The problem: Every line below is to be copied exactly, with the pictures left out.

[Material for this task]

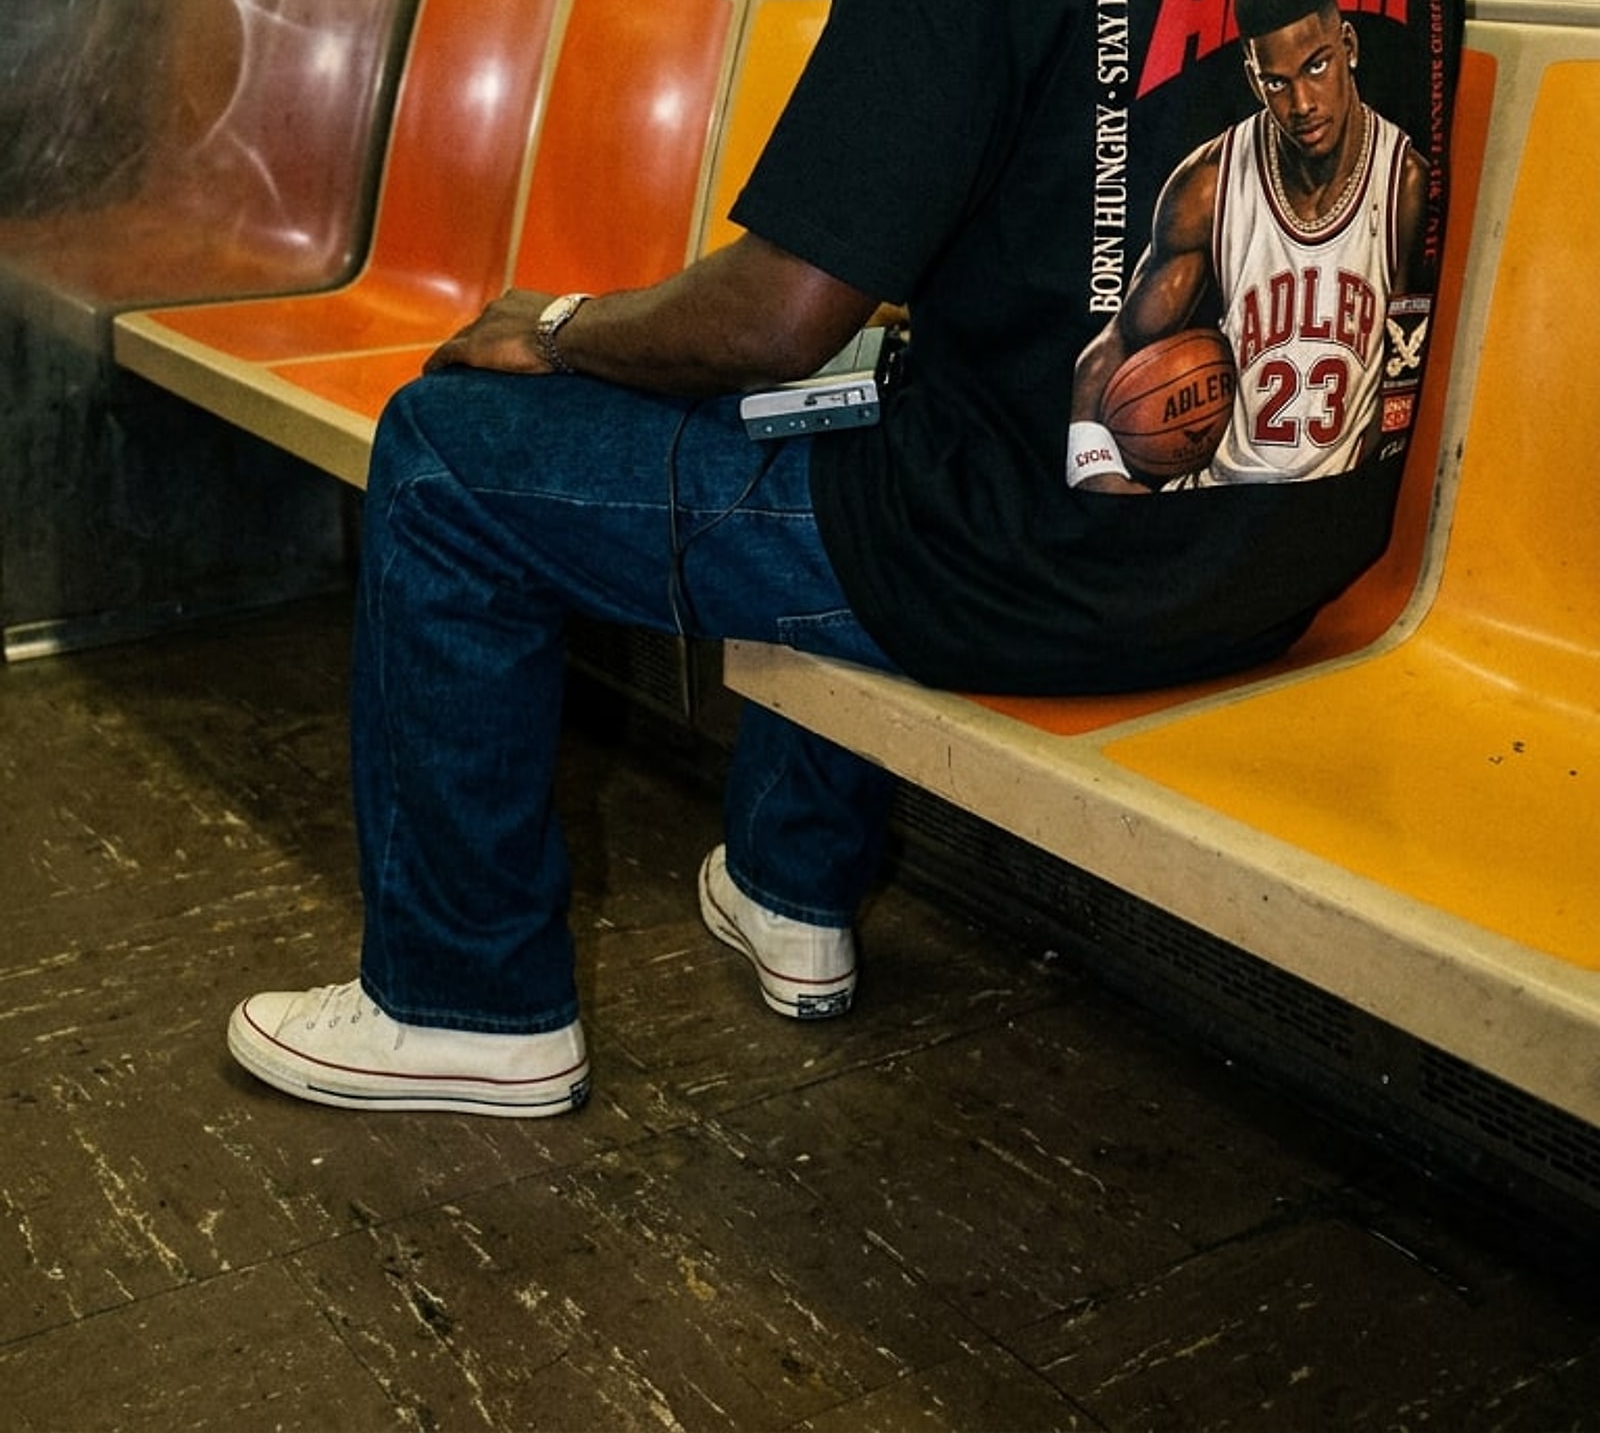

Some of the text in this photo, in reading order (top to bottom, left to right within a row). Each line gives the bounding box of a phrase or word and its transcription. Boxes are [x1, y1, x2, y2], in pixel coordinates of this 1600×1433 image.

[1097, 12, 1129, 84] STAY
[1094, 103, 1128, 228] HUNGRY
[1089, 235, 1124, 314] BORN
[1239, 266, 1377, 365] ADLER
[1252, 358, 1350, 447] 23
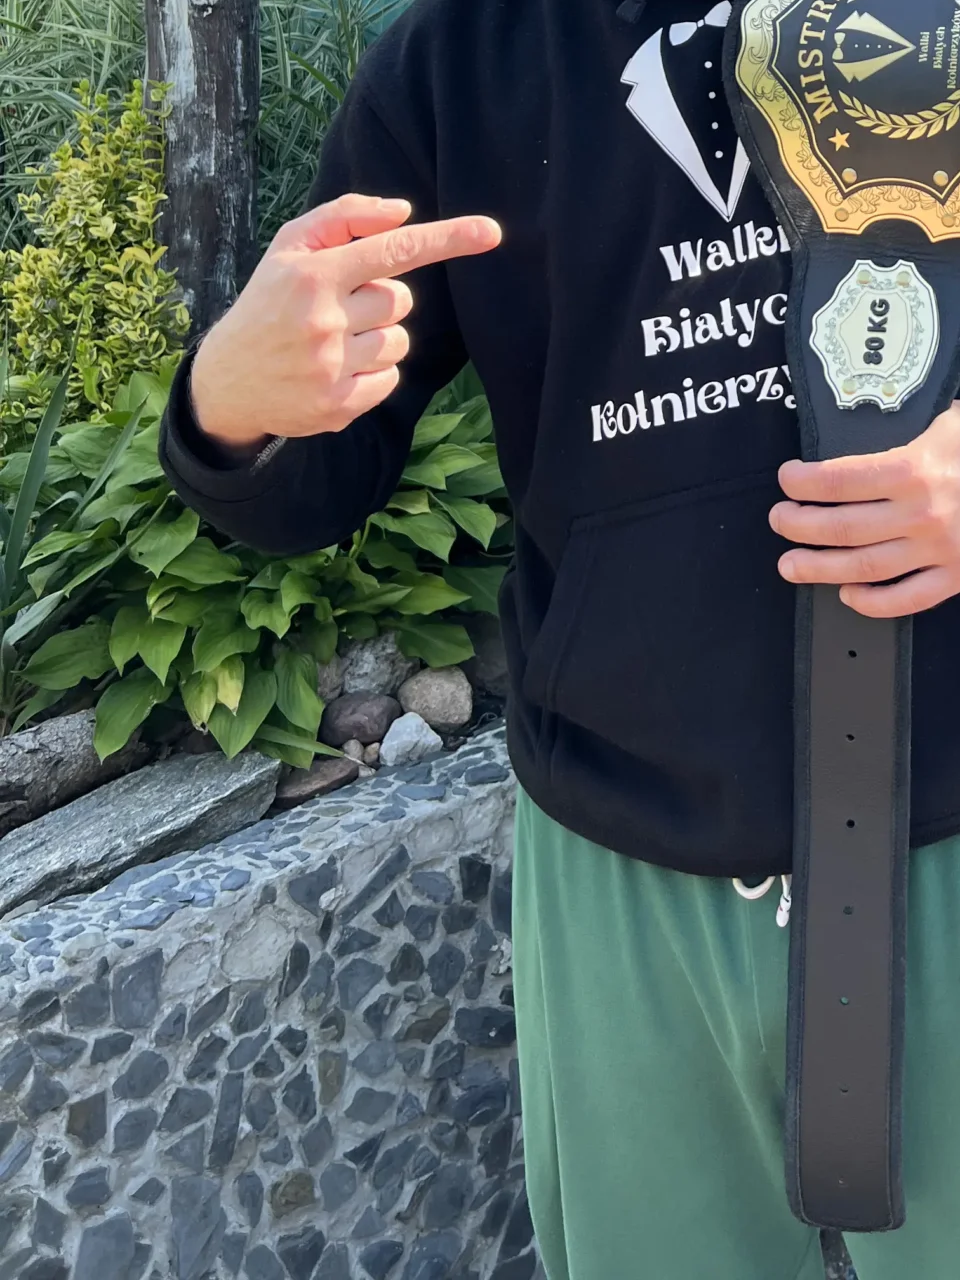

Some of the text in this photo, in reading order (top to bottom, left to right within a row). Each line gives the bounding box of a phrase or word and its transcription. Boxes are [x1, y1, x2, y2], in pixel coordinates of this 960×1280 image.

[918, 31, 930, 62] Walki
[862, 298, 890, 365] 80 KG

[/Material for this task]

Output of the exercise:
Some of the text in this photo, in reading order (top to bottom, left to right within a row). Each line gives the bounding box of a phrase or word and its transcription. Boxes are [x1, y1, x2, y2], in pixel coordinates of this 1600×1433 image.

[1097, 12, 1129, 84] STAY
[1094, 103, 1128, 228] HUNGRY
[1089, 235, 1124, 314] BORN
[1239, 266, 1377, 365] ADLER
[1252, 358, 1350, 447] 23

Some of the text in this photo, in reading order (top to bottom, left to right within a row). Each line gives the bounding box of a phrase or word and its transcription. Boxes are [x1, y1, x2, y2], in pixel coordinates of this 960×1280 image.

[918, 31, 930, 62] Walki
[862, 298, 890, 365] 80 KG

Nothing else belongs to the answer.